I was deceiving him.
November. I was on study leave—for two weeks before the exams pupils in the senior classes were allowed to stay home to prepare themselves. I would say I was going to work with a friend at a friend's house, and then I'd slip off to a cinema. Cinemas had been open to us only a year or so; it was a double freedom I took: to bunk study and to sit in the maroon nylon velvet seat of a cinema in a suburb where whites live. My father was not well off but my parents wanted my sister and me to have a youth less stunted by the limits of an empty pocket than they had had, and my pocket-money was more generous than their precarious position, at the time, warranted. So I was in the foyer waiting to get into a five o'clock performance at one of the cinemas in a new complex and my father and a woman came out of the earlier performance in another.
There was my father; the moment we saw one another it was I who had discovered him, not he me. We stood there while
other people crossed our line of vision. Then he came towards me with her in the dazed way people emerge from the dark of a cinema to daylight.

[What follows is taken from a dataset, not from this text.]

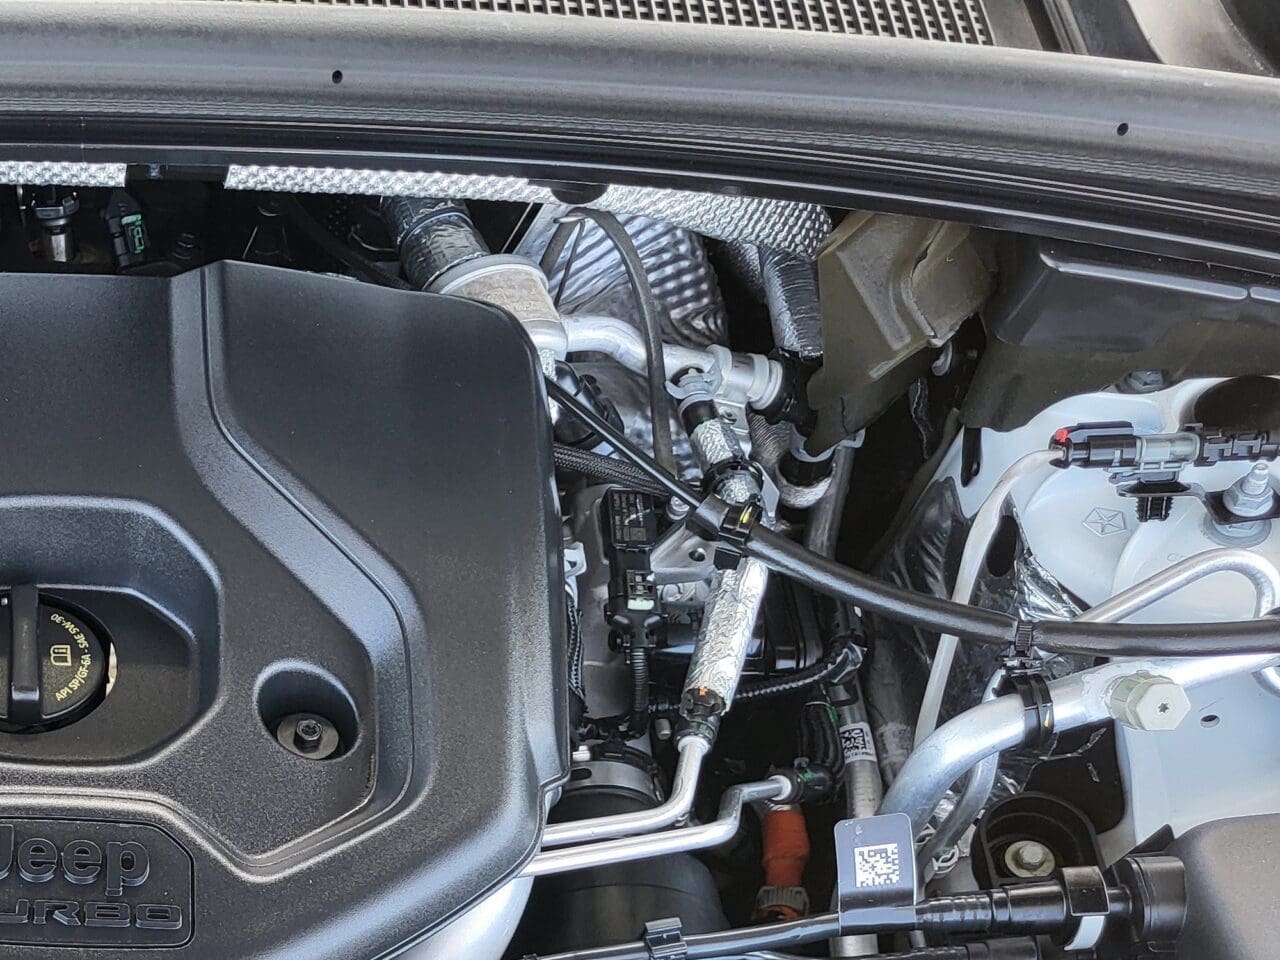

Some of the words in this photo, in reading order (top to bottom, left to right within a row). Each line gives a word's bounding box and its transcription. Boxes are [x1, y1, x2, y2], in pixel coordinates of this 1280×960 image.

[50, 613, 79, 635] 5W-30
[74, 632, 89, 652] SAE
[55, 688, 72, 702] API

He said, You remember Hannah, don't you—
And she prompted with a twitching smile to draw my gaze from him—for I was concentrating on him the great rush of questions, answers, realizations, credulity and dismay which stiffened my cheeks and gave the sensation of cold water rising up my neck—she prompted, Hannah Plowman, of course we know each other.
I said, Hullo. He drew it from me; we were back again in our little house across the veld from Benoni and I was being urged to overcome the surly shyness of a six-year-old presented with an aunt or cousin. What are you going to see? he said. While he spoke to me he drew back as if I might smell her on him. I didn't know. They managed to smile, almost laugh, almost make the exchange commonplace. But it was so: the title of the film I had planned to see was already banished from my mind, as this meeting would have to be, ground away under my heel, buried along with it. The Bertolucci—an Italian film—it's very good, he said, delicately avoiding the implications of the natural prefix, ‘We thought …' She nodded enthusiastically. That's the one to see, Will, he was saying. And the voice was an echo from another life, where he was my father giving me his usual measured, modest advice. Then he signalled a go-along-and-enjoy-yourself gesture, she murmured politely, and they left me as measuredly as they had approached. I watched their backs so I would believe it really had happened; that woman with her bare pink bottle-calves and clumsy sandals below the cotton outfit composed of a confusion of styles from different peasant cultures, him in his one good jacket that I had taken to the dry-cleaner for him many times, holding the shape of his shoulders
folded back over my arm. Then I ran from the cinema foyer, my vision confined straight ahead like a blinkered horse so that I wouldn't see which way they were going, and I took a bus home, home, home where I shut myself up in my room, safe among familiar schoolbooks.
 
 
He was a schoolteacher in one of the towns that had grown up long ago along the reef of gold-bearing rock east of the city—Johannesburg. Where his great-grandfather or grandfather had come from nobody had recorded—the rough hands of those generations did not write letters or keep notes; brick-layers and carpenters, the only documentation of their lives was their work-papers and the various, much-folded slips entitling them to be employed in the town and to live in the area, outside the town, designated by the municipality for their kind. He thought his great-grandfather might have come from the diamond diggings in Kimberley; a photograph had survived while oral family history had gone to the grave. Among a work gang holding sieves of the kind used in panning for alluvial diamonds, there stood beside the white overseer a toothless grinning face with a family resemblance. No identification on the back of the photograph.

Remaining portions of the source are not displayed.